CourtMississippi Supreme Court

James A. Phyfer, Brewer, Brewer & Luckett, Clarksdale, for appellants.

Breland & Whitten, Sumner, for appellee.

LEE, Chief Justice.

L. J. Fields, in his claim against W. D. Crump d/b/a W. D. Crump Motor Company, and its insurer, was awarded workmen's compensation benefits by the attorney-referee. This action was approved and affirmed by the commission. On appeal to the circuit court, the order of the commission was affirmed. The case now appears in this Court on appeal.

L. J. Fields was 44 years old, married, and had four children. His education ended with the eighth grade.
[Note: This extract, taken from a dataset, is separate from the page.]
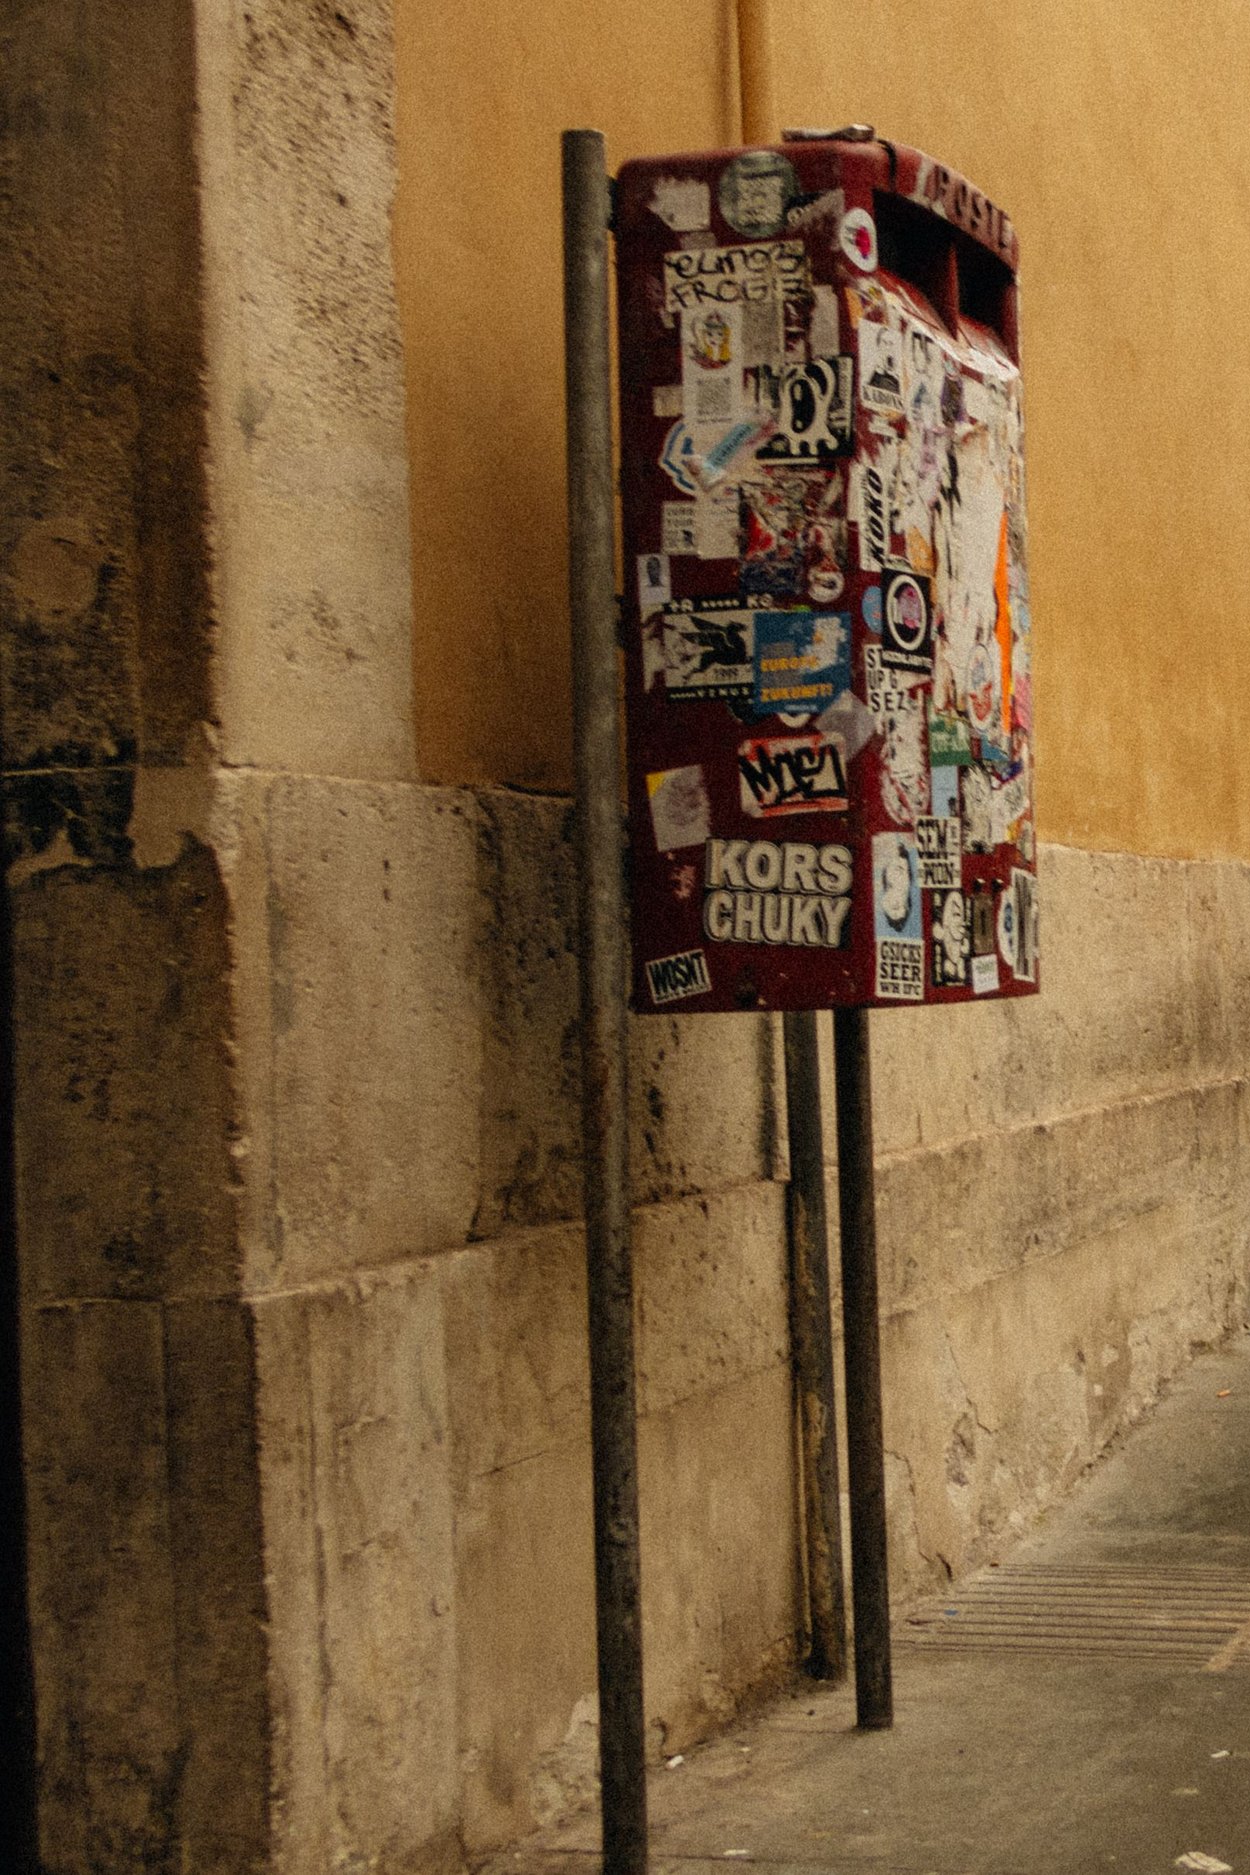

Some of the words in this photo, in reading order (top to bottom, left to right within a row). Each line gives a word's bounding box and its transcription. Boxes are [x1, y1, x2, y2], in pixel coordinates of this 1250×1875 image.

[704, 837, 853, 896] KORS
[703, 889, 852, 948] CHUKY
[880, 962, 922, 983] SEER
In 1953, he became an automobile body repairman, and he has followed that occupation since. Beginning in October 1961, he was employed by W. D. Crump Motor Company. His average weekly wage was $75.00. On April 5, 1962, he painted a car with a new quickdrying enamel known as DL-60. Immediately he became ill and was hospitalized at Charleston for several days. When Dr. G. L. Biles, his family physician, saw him later and learned that he had been diagnosed as having heart trouble, he did not agree. On June 18, 1962, Fields returned to his work, came in contact with the same paint again, and immediately noticed a definite shortness of breath. He also wheezed and had hard knots to break out over his body. He was treated by Dr. Biles and sent to Clarksdale for hospitalization under the care of Dr. W. N. Crowson, who made a report thereon on July 17, 1962. After several weeks, claimant returning to his work about the middle of October, again came in contact with the same paint substance, and immediately suffered another severe attack. After this episode, Dr. Biles sent his patient to the Henry Hay Fever and Asthma Clinic in Memphis. There he was subjected to numerous tests and examinations by Dr. W. W. Taylor. It was definitely shown that he had a positive reaction against this particular paint, and the doctor advised that he could not continue his occupation, if subjected to further exposure.

There was also testimony by fellow-workers and a former employer to the effect that Fields had never suffered any such experience. As a matter of fact, all of the evidence was to the effect that the claimant had no trouble of any kind; that he had been a hard worker, equal if not superior, to his colleagues; and that he had never gone to a doctor in his life except one time, and then only for a cold.

The evidence of Dr. Biles was to the effect that this exposure to the paint caused Fields' asthmatic condition with the result that he would never be able to do that kind of work again. The other four doctors gave somewhat similar reports and agreed that he would never be able to do that kind of work in the future.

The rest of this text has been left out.